Des échanges entre des représentants de plusieurs géants du numérique et l’ancien ministre de l’Economie, révélés jeudi par « Mediapart », montrent une nouvelle fois les liens problématiques déjà évoqués dans les « Archives Uber ».
Quelques jours après l’explosion des “archives Uber”, qui ont révélé les liens privilégiés entre la société VTC et Emmanuel Macron lorsqu’il était à Bercy, une nouvelle enquête fait la lumière sur les relations douteuses entre l’ancien ministre de l’Economie et divers numériques. géants.

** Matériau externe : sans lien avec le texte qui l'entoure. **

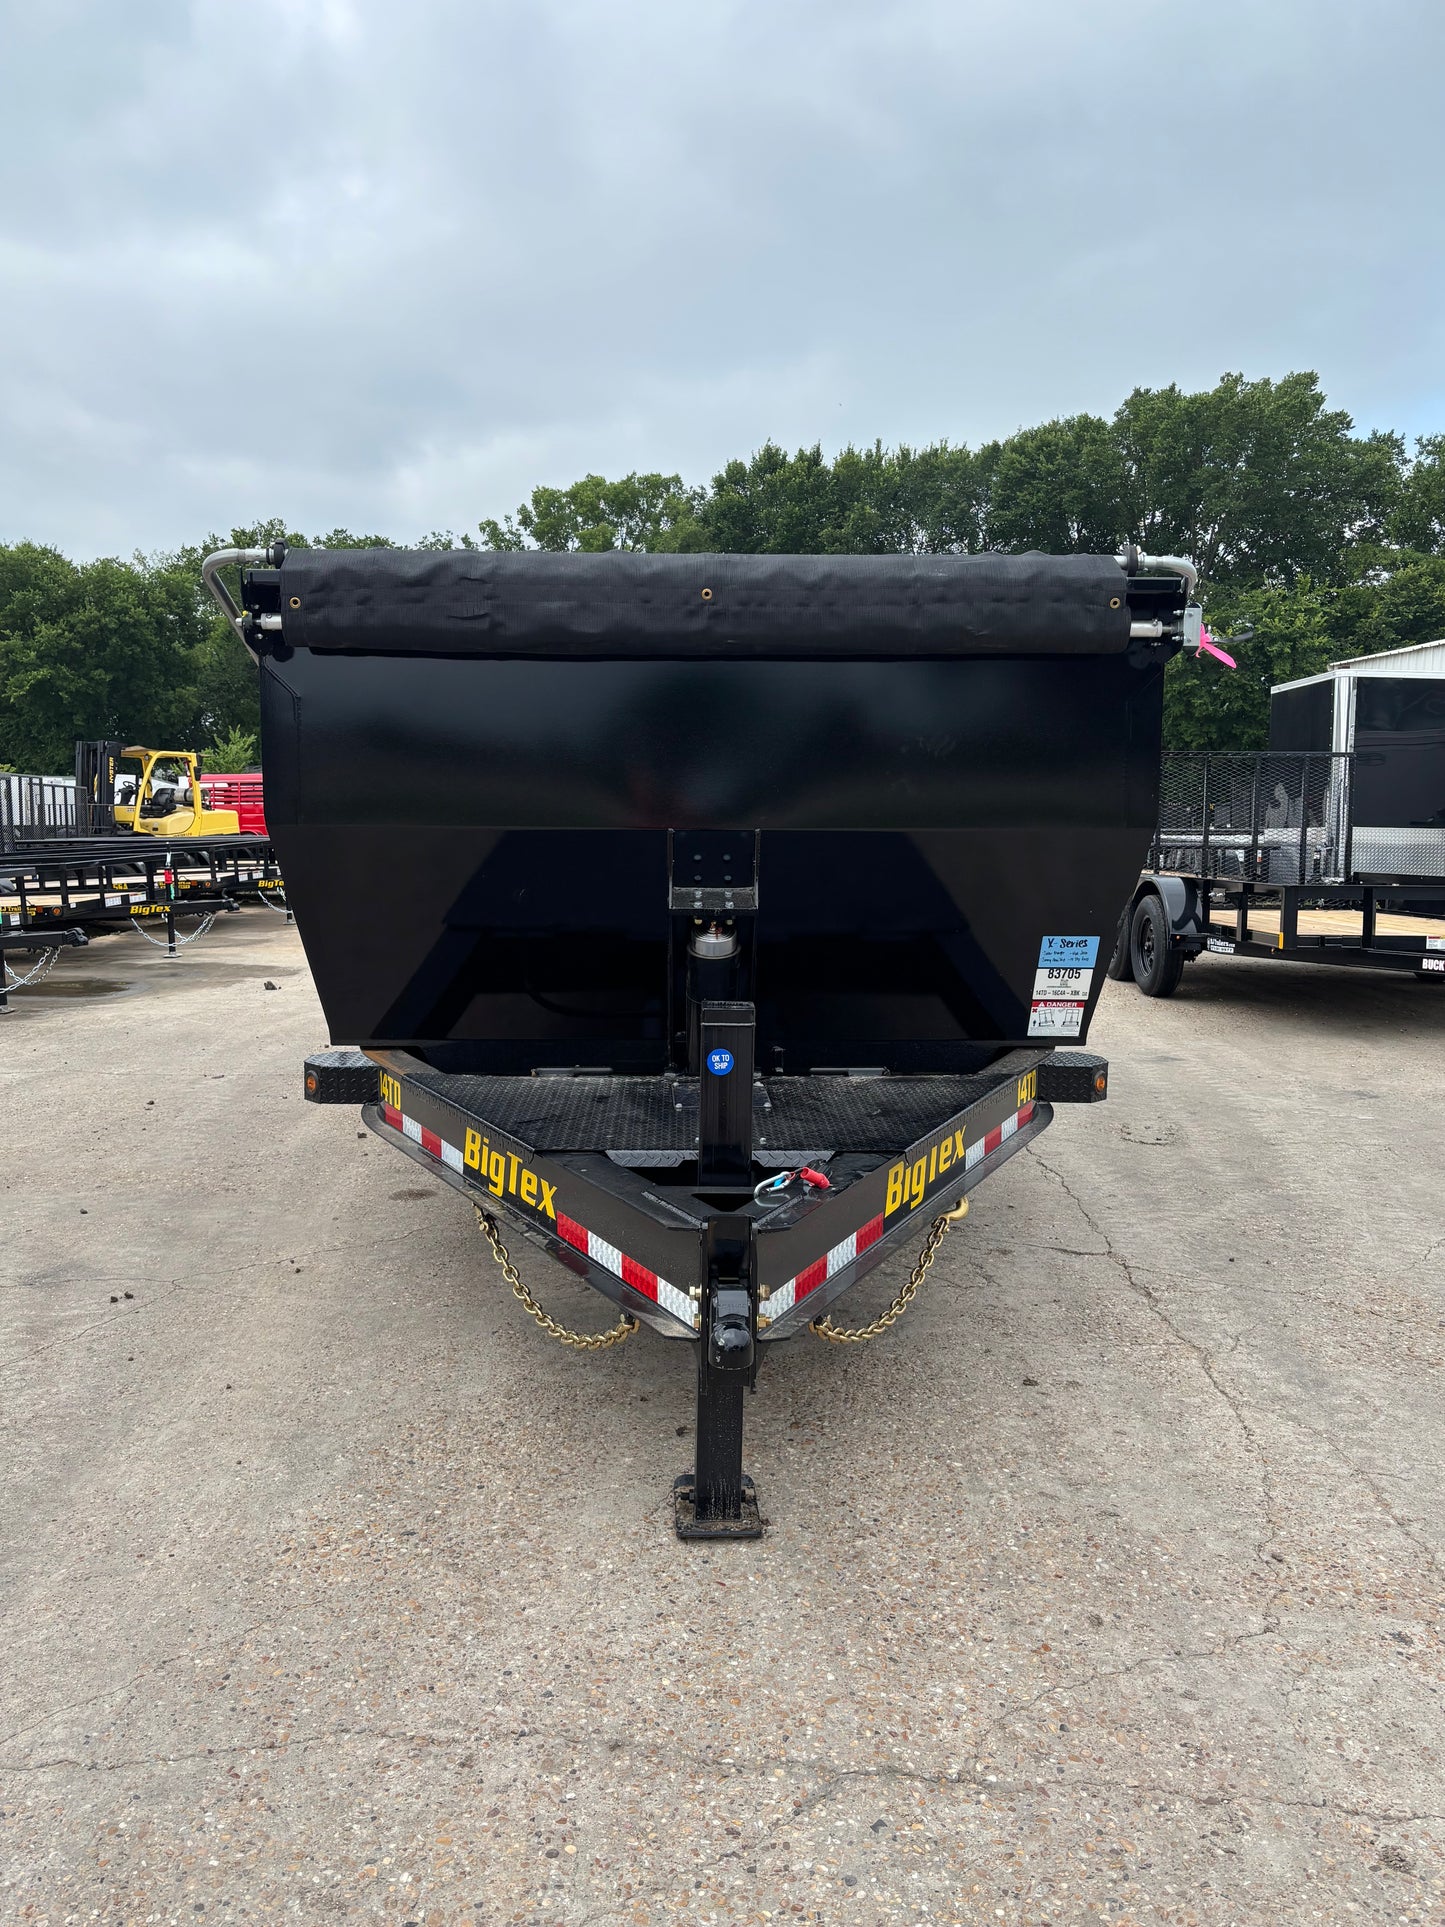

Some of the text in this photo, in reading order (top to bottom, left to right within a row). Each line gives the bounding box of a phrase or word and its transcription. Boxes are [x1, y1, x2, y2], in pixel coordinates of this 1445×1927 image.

[258, 880, 284, 888] BigTe
[130, 904, 170, 915] BigTex
[1048, 969, 1080, 980] 83705
[380, 1070, 400, 1110] 14TD
[1017, 1069, 1036, 1108] 14TD
[464, 1127, 557, 1220] BigTex
[885, 1124, 966, 1218] BigTex
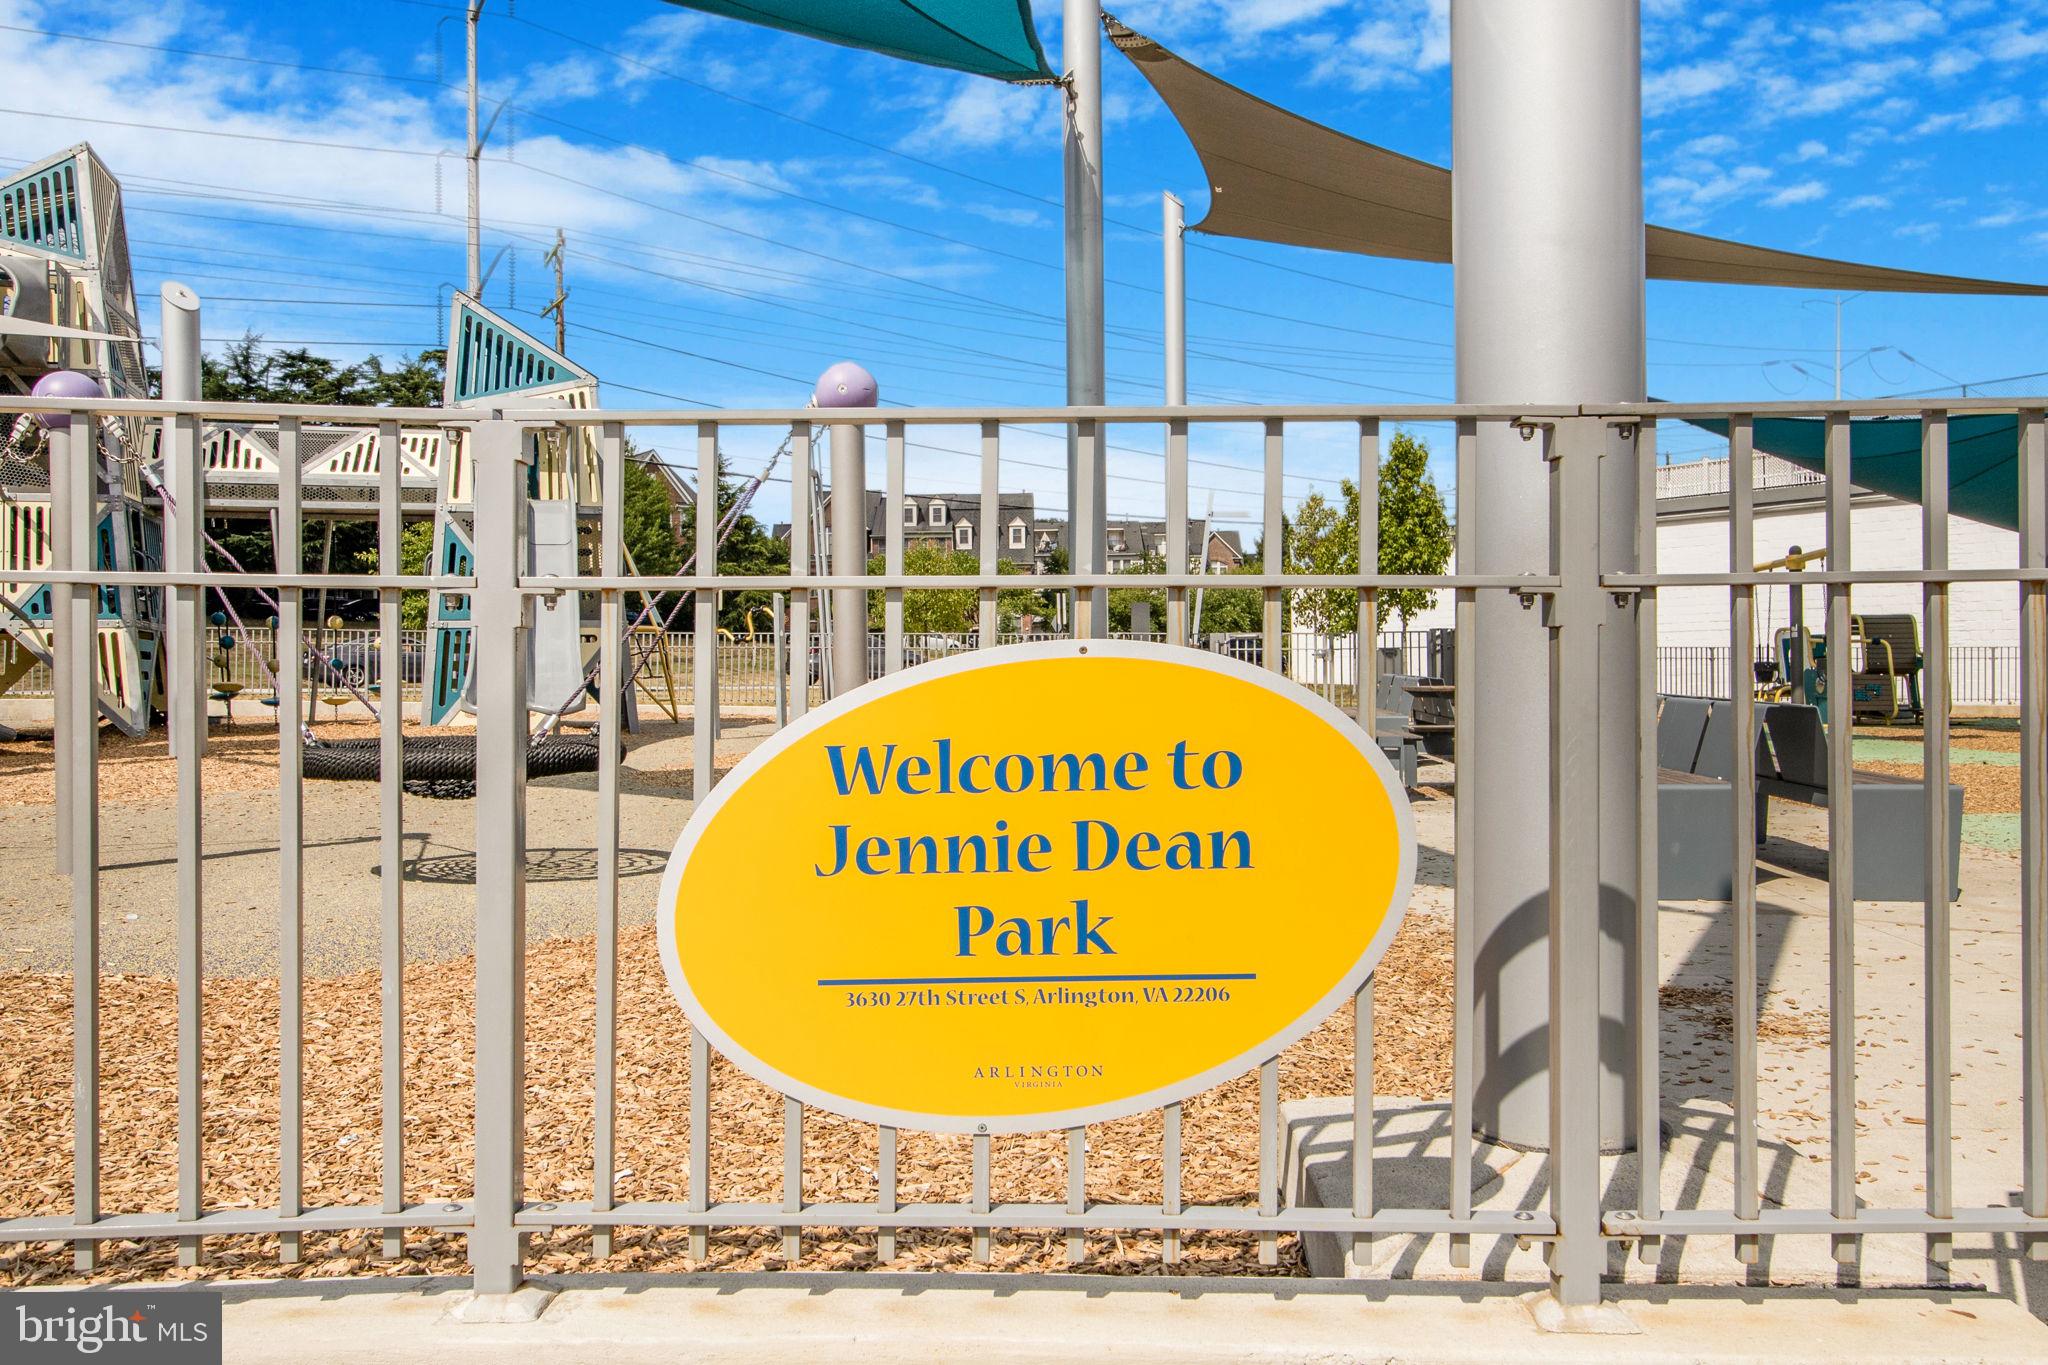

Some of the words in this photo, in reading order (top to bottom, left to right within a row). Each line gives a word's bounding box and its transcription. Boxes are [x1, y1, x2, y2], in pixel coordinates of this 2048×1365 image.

[823, 738, 1149, 796] Welcome
[1166, 739, 1243, 790] to
[814, 819, 1053, 878] Jennie
[1071, 819, 1255, 872] Dean
[953, 899, 1118, 957] Park
[845, 991, 891, 1007] 3630
[896, 989, 940, 1006] 27th
[946, 989, 1009, 1006] Street
[1014, 988, 1029, 1006] S,
[1033, 986, 1139, 1008] Arlington,
[1142, 986, 1169, 1003] VA
[1172, 986, 1231, 1003] 22206
[974, 1065, 1103, 1079] ARLINGTON
[1014, 1080, 1063, 1088] VIRGINIA
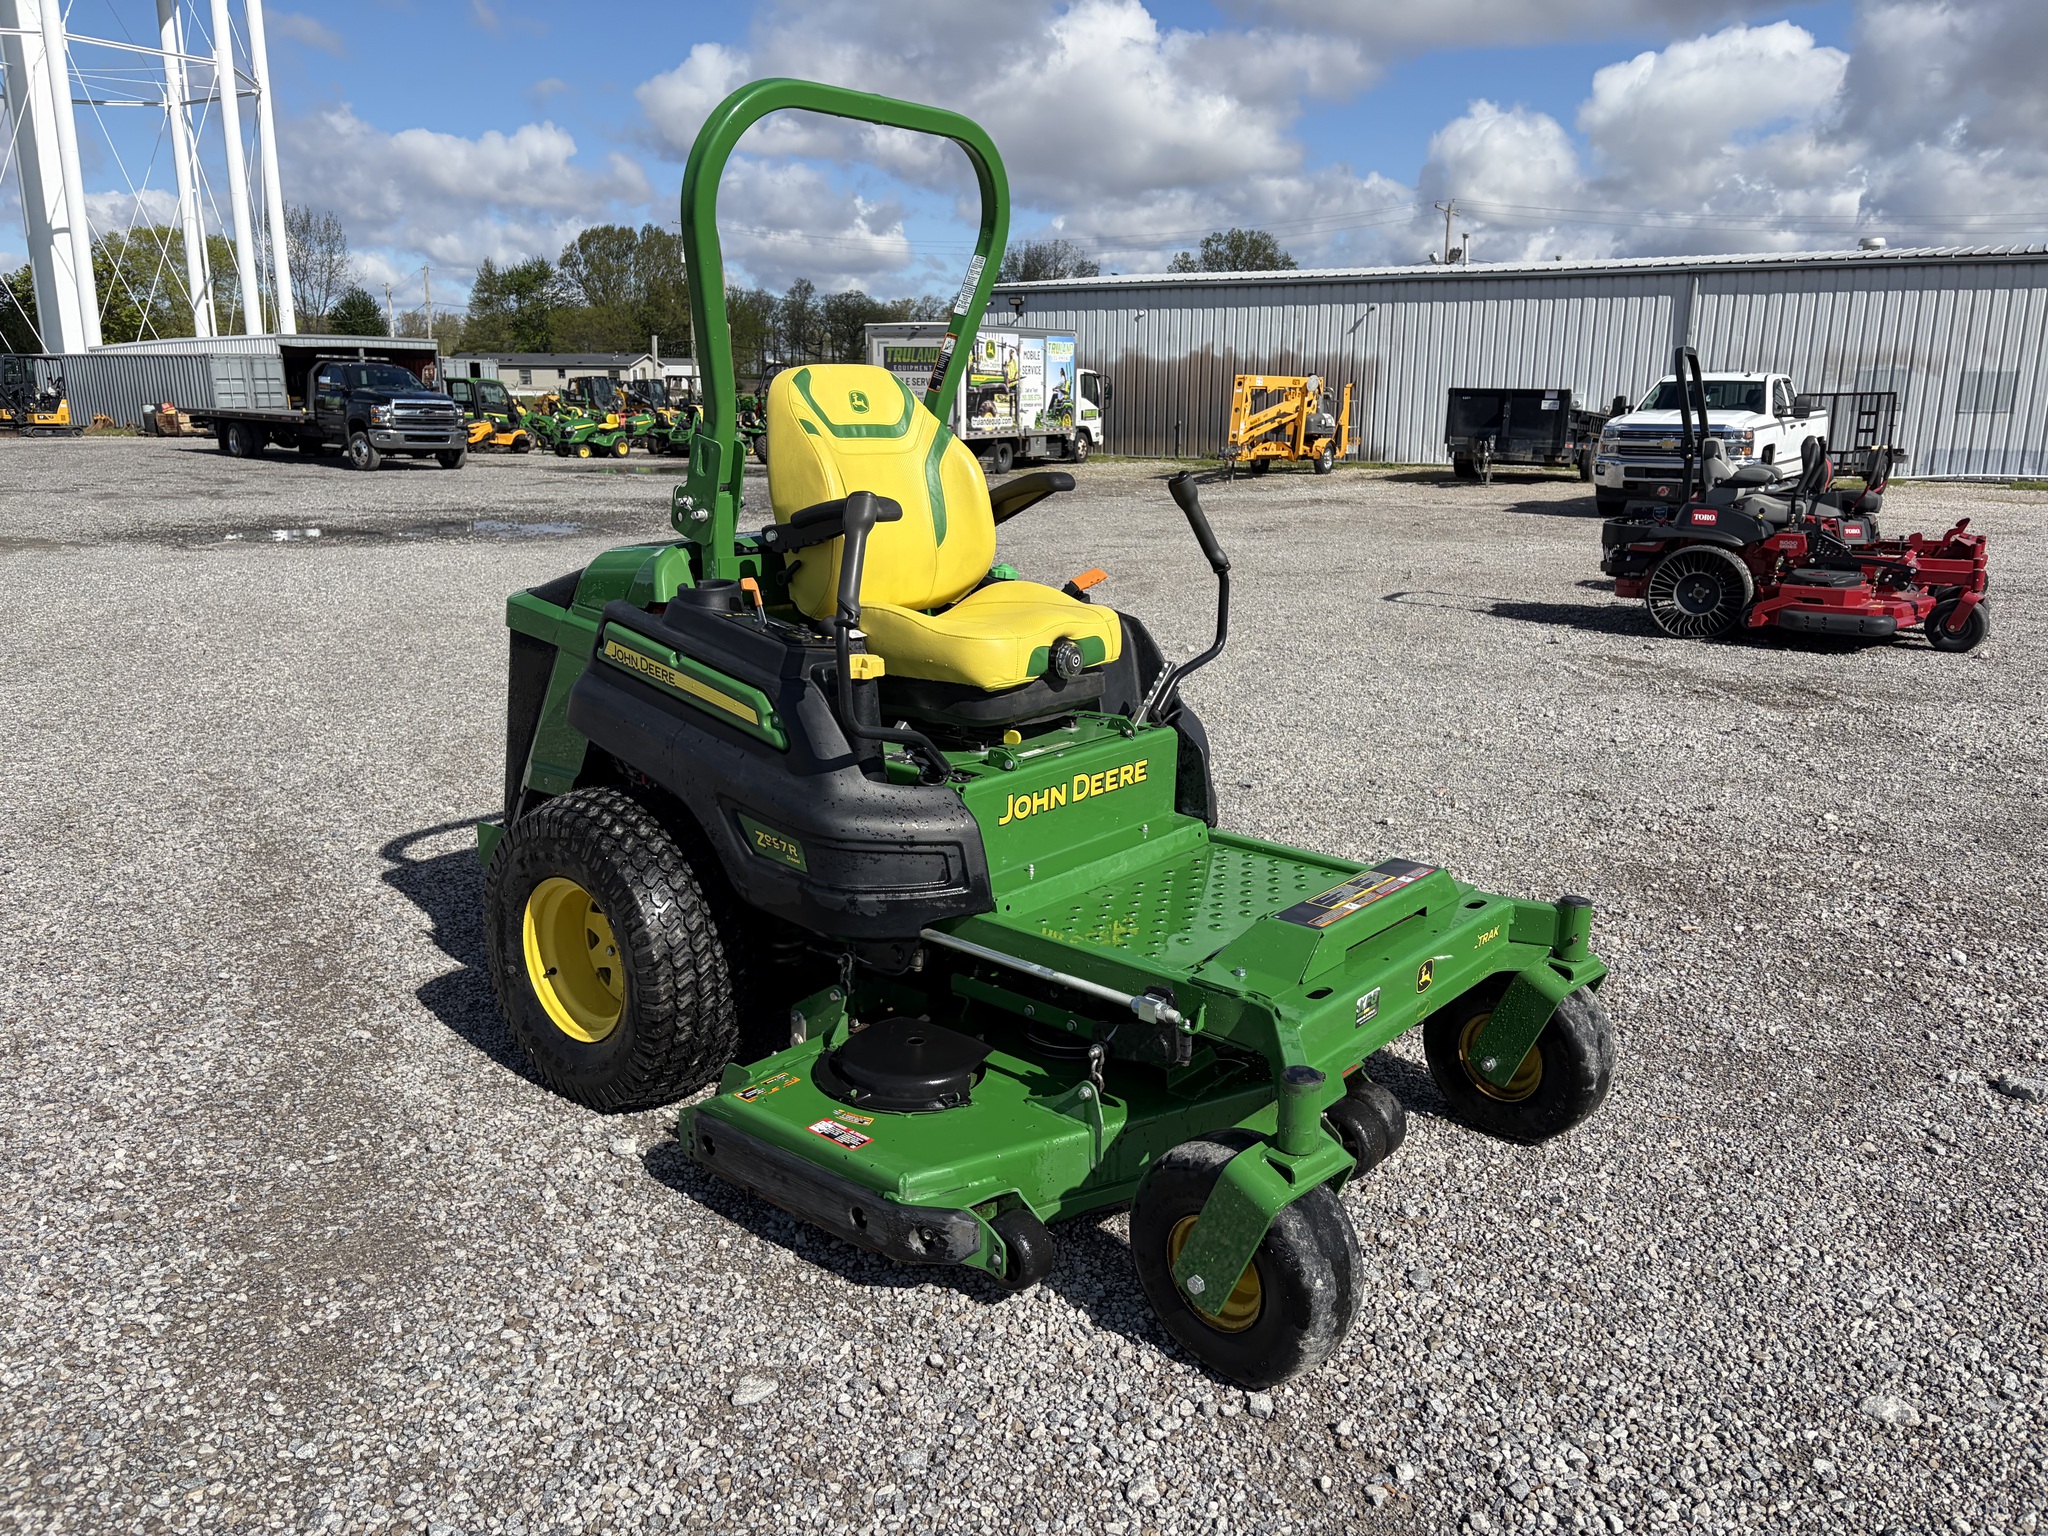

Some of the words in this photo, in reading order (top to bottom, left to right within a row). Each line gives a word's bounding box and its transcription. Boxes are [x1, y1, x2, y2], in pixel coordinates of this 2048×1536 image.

[886, 347, 940, 363] TRULAND
[1023, 350, 1041, 361] MOBILE
[1022, 365, 1042, 375] SERVICE
[972, 417, 1012, 427] trulandequip.com
[1693, 513, 1716, 522] TORO
[611, 645, 638, 667] JOHN
[640, 657, 676, 685] DEERE
[998, 782, 1067, 826] JOHN
[1072, 758, 1148, 803] DEERE

Dans un article publié ce mercredi soir, Médiapart indique avoir eu accès à des échanges entre « Conseillers du président et des lobbyistes et dirigeants des Gafam (Google, Apple, Facebook, Amazon, Microsoft)» date du second semestre 2017. On apprend, en ce qui concerne Uber, qu’un lobbyiste d’Amazon aurait travaillé à l’époque pour la campagne d’Emmanuel Macron.
Les documents administratifs qui Médiapart a pu obtenir l’intervention d’un responsable des affaires publiques de la firme américaine Jean Gonié lors de la préparation de cette campagne. Ce dernier l’aurait fait “pousser” l’objet « La transformation de la France en champion du e-commerce et de la logistique »explique les médias en ligne.
Cela aurait fait son travail. “pendant la campagne présidentielle, au sein des groupes de travail d’En Marche auxquels il a participé”est écrit dans une note envoyée à Emmanuel Macron par son conseiller « Institutions, action publique et transition numérique » à l’Elysée de 2017 à 2019, dont Fabrice Aubert.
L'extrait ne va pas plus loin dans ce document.